Хочешь не хочешь, приходилось пялиться на «руку Лермонтова».
– Вот буфет! Конторка! Вот грифельная доска бабушки поэта!
Черт бы с ней, с доской! Рядом лежала бумажка с записями.
– Это Лермонтов писал? – спросил я.
– Что?
– Записка Лермонтова?
– Вон там посмотрите! Там топили печь!
Она еще и глухая! Прошаркав через три пыльные комнатки и не увидав кровати, я громко поинтересовался:
– А где они спали?
– Это писал писарь! – вдруг прокаркала она. – А Лермонтов ему диктовал!
– Понятно.
– Что вы спрашиваете?
– Я говорю, где они спали?
Она вылупилась на меня, как будто я спросил, где тут они занимались любовью. Потом набрякла и злобно заорала:
– Где тут спать? Три комнаты всего! Неужто не видно?

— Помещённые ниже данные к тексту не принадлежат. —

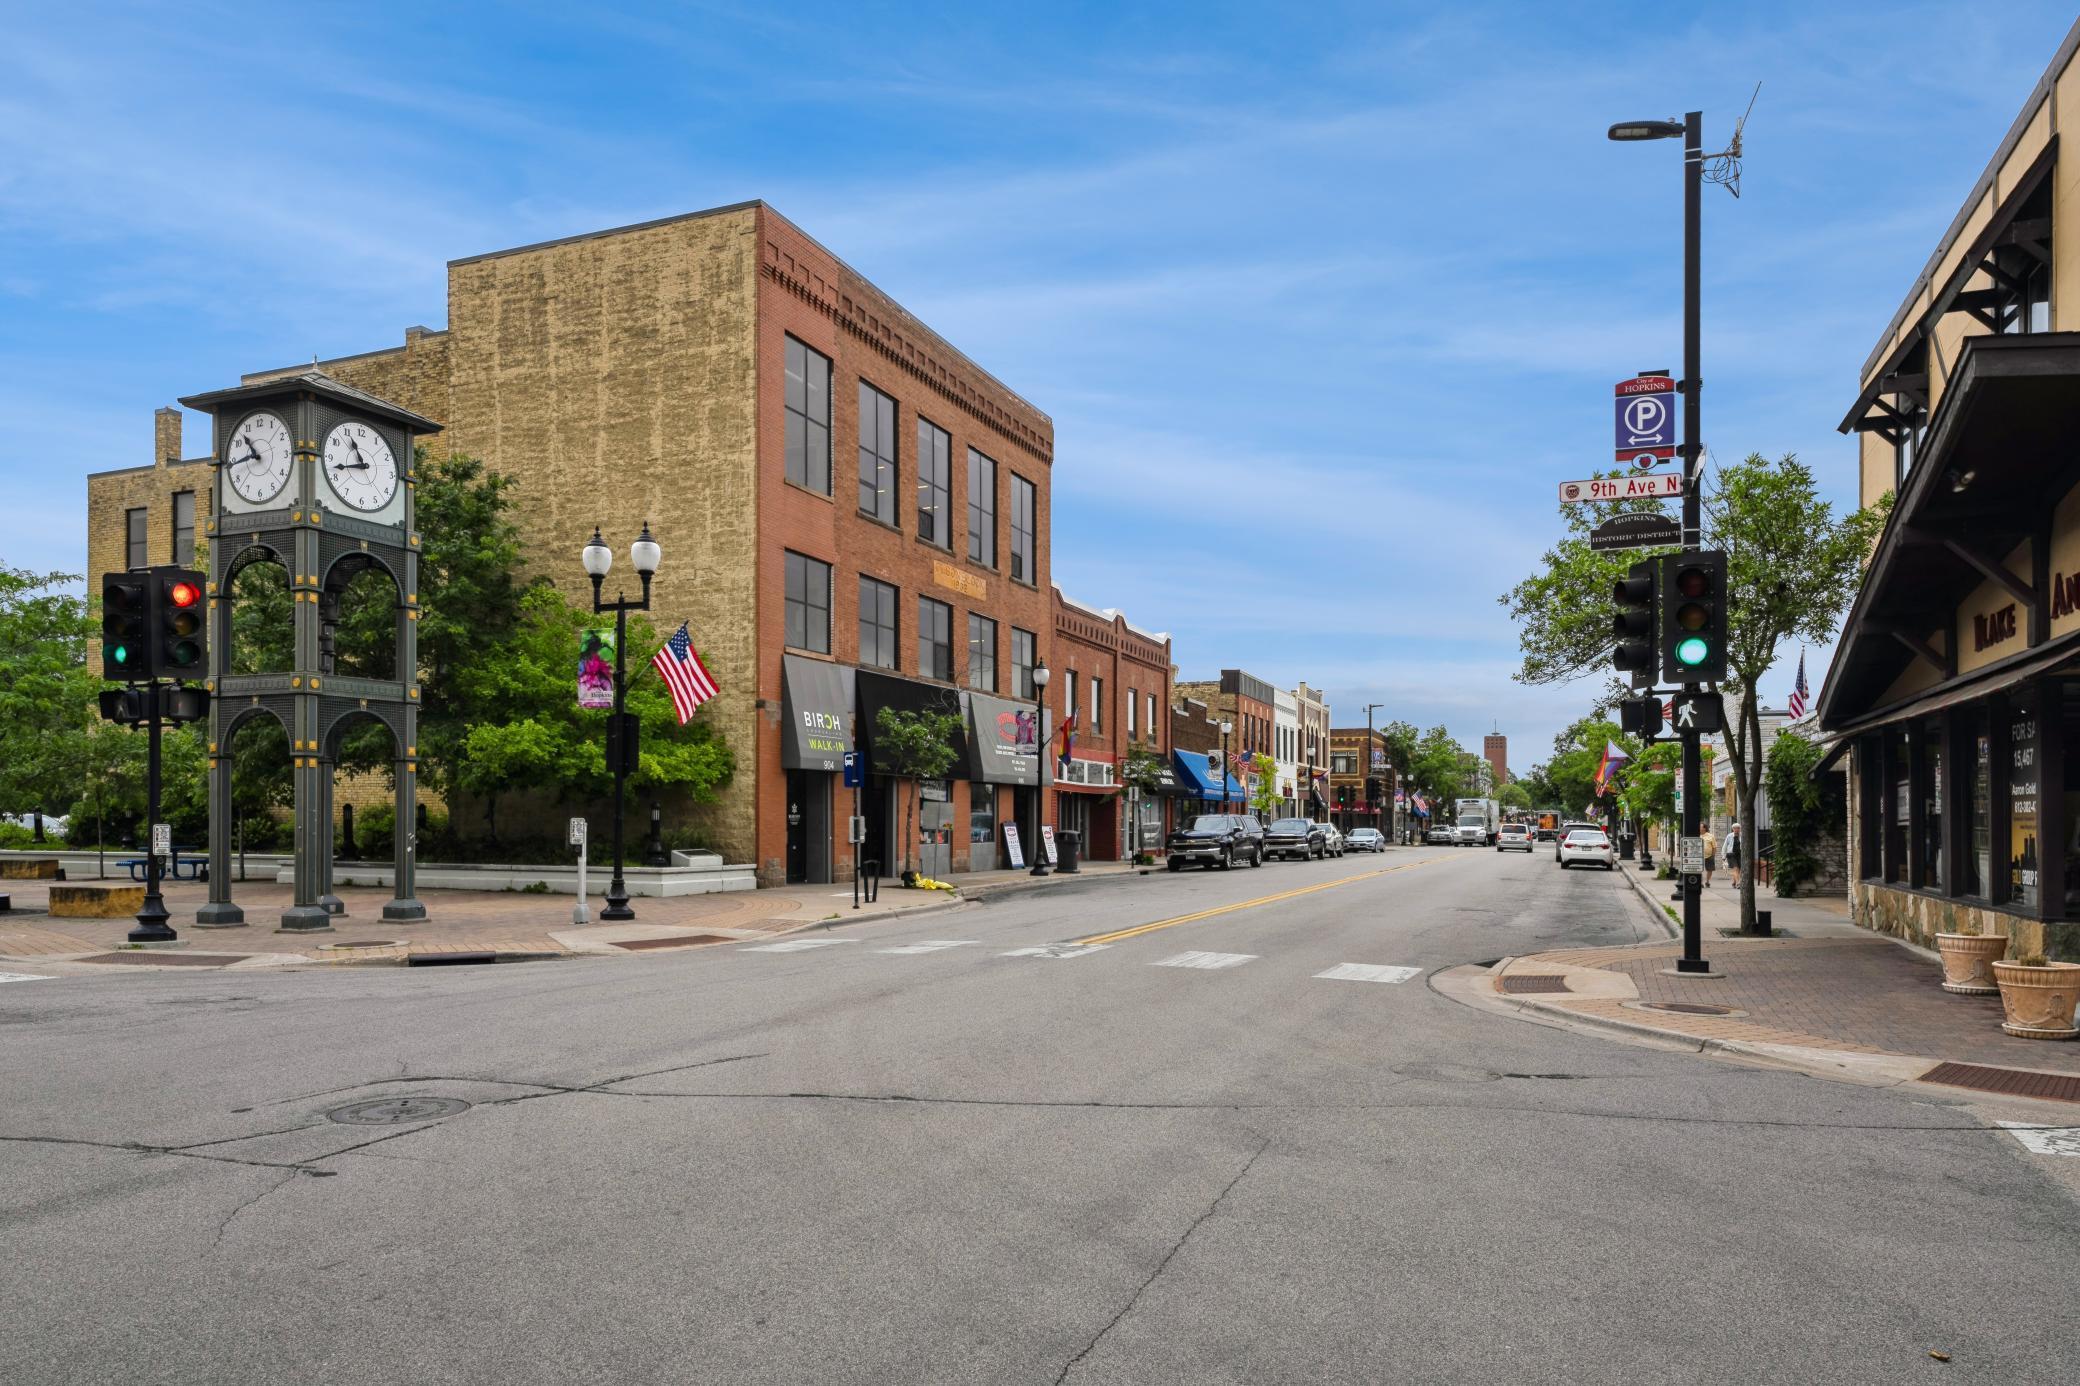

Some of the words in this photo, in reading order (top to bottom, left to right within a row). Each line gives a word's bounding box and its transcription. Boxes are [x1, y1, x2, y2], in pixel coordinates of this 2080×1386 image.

– Понятно, – опять буркнул я и поспешил удалиться, но сунулся не туда и уткнулся в запертую дверь: – А здесь у них санузел, наверно?
– Что?
– Ну где-то же они мылись, справляли нужду…
Несколько секунд она пыталась поверить своим ушам, затем свела руки по швам и отбила каменным голосом, стараясь облить меня истребляющим презрением пообильнее:
– Лермонтов нужд не справлял, молодой человек!
Последней была комната самого Лермонтова, которая располагалась в мезонине. И там тоже меня ждали. Я и рта не успел открыть, как был сбит вопросом:
– Знаете, чей там портрет над столом? – На меня воззрился цепкий глаз.
– По-моему, Александра Сергеевича Пушкина, – робко предположил я.
– Верно. Лермонтов очень любил Пушкина. «Евгений Онегин» был его настольной книгой. И что обидно: оба они ходили по одним и тем же арбатским переулкам, но так ни разу и не встретились. Какая странность!